The task
An exact transcription of every record below is required, with the pictures left out.

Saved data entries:
....................

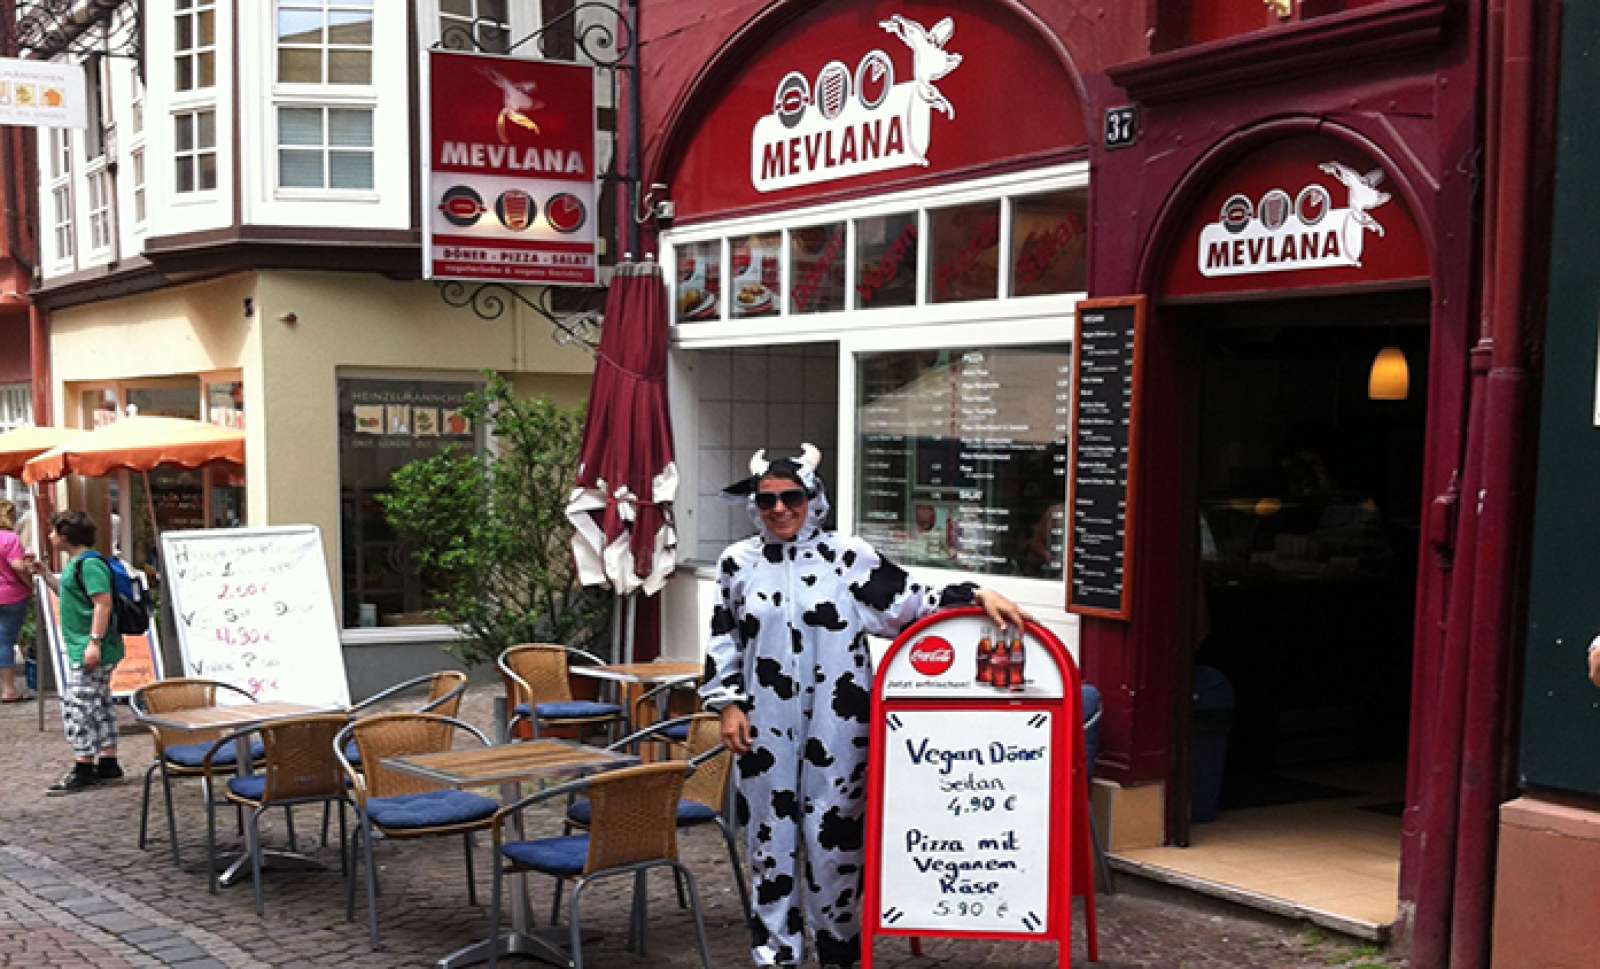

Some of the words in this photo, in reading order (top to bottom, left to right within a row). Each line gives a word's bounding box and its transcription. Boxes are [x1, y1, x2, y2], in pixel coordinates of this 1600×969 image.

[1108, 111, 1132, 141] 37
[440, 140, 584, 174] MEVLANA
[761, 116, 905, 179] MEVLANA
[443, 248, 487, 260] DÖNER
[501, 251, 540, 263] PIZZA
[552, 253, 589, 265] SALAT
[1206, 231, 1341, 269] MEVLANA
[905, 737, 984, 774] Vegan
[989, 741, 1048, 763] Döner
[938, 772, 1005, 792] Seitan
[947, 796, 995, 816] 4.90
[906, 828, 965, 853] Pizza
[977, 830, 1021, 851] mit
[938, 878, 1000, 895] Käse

....................

Reply to the exercise
Some of the words in this photo, in reading order (top to bottom, left to right within a row). Each line gives a word's bounding box and its transcription. Boxes are [x1, y1, x2, y2], in pixel coordinates of this 1600×969 image.

[1108, 111, 1132, 141] 37
[440, 140, 584, 174] MEVLANA
[761, 116, 905, 179] MEVLANA
[443, 248, 487, 260] DÖNER
[501, 251, 540, 263] PIZZA
[552, 253, 589, 265] SALAT
[1206, 231, 1341, 269] MEVLANA
[905, 737, 984, 774] Vegan
[989, 741, 1048, 763] Döner
[938, 772, 1005, 792] Seitan
[947, 796, 995, 816] 4.90
[906, 828, 965, 853] Pizza
[977, 830, 1021, 851] mit
[938, 878, 1000, 895] Käse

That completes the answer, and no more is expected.